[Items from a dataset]
*** Block opens ***

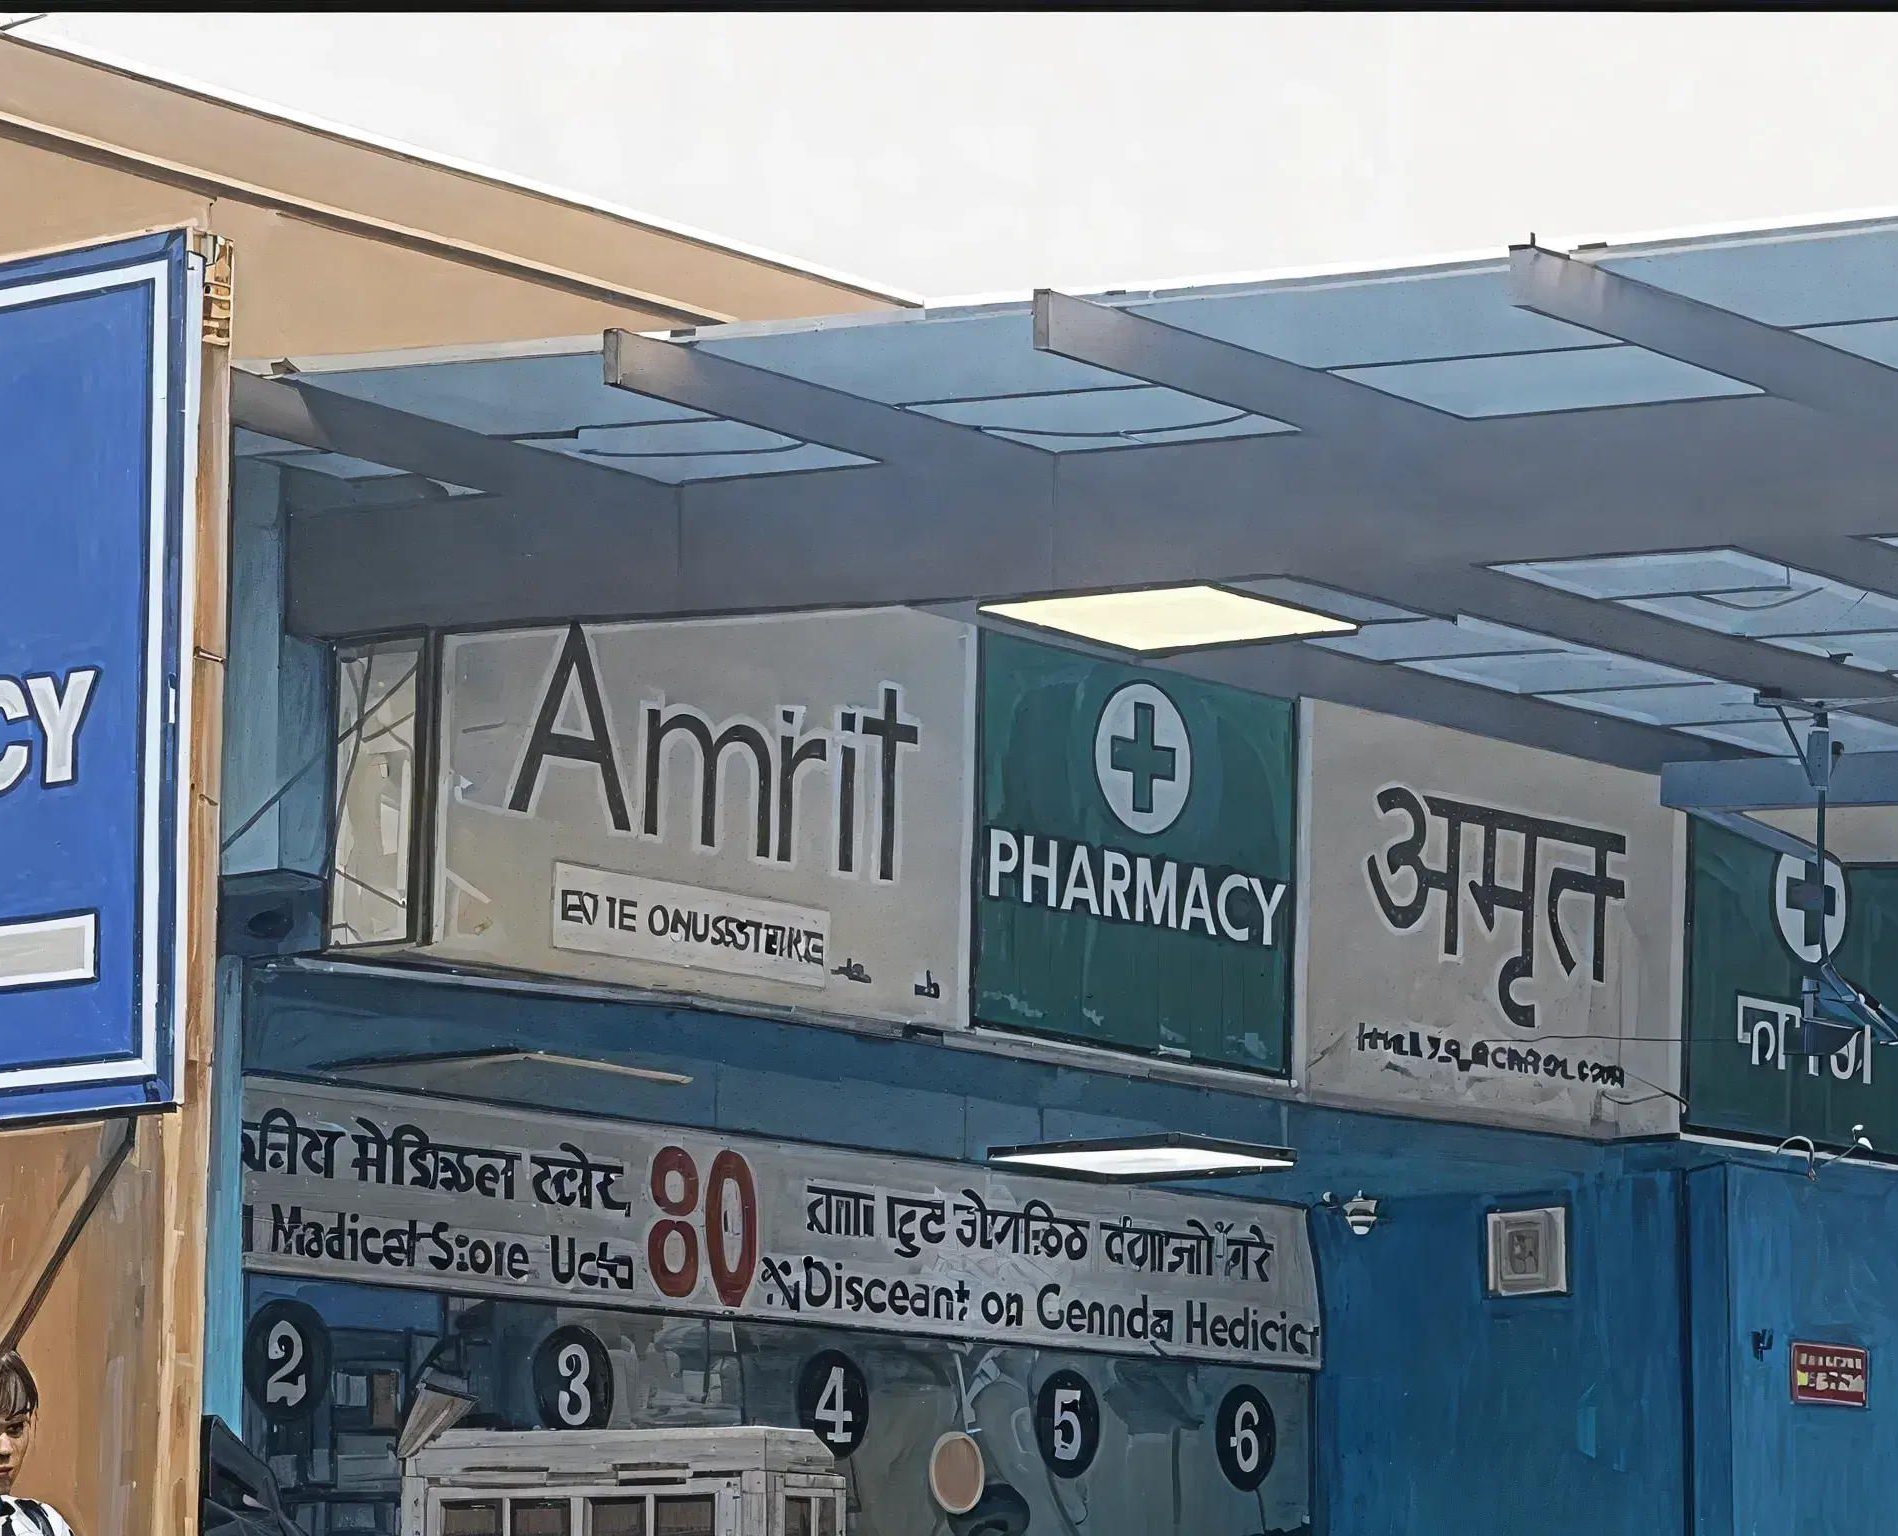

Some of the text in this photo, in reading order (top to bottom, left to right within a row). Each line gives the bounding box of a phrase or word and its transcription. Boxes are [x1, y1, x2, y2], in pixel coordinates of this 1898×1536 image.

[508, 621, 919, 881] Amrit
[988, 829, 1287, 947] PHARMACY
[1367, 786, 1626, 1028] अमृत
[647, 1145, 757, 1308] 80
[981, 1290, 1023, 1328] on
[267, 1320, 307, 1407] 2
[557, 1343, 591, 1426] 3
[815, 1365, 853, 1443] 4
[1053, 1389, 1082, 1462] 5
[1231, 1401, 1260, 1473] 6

*** Block closes ***

Problem description —
Return the entries verbatim without images.

Your response —
Some of the text in this photo, in reading order (top to bottom, left to right within a row). Each line gives the bounding box of a phrase or word and its transcription. Boxes are [x1, y1, x2, y2], in pixel coordinates of this 1898×1536 image.

[508, 621, 919, 881] Amrit
[988, 829, 1287, 947] PHARMACY
[1367, 786, 1626, 1028] अमृत
[647, 1145, 757, 1308] 80
[981, 1290, 1023, 1328] on
[267, 1320, 307, 1407] 2
[557, 1343, 591, 1426] 3
[815, 1365, 853, 1443] 4
[1053, 1389, 1082, 1462] 5
[1231, 1401, 1260, 1473] 6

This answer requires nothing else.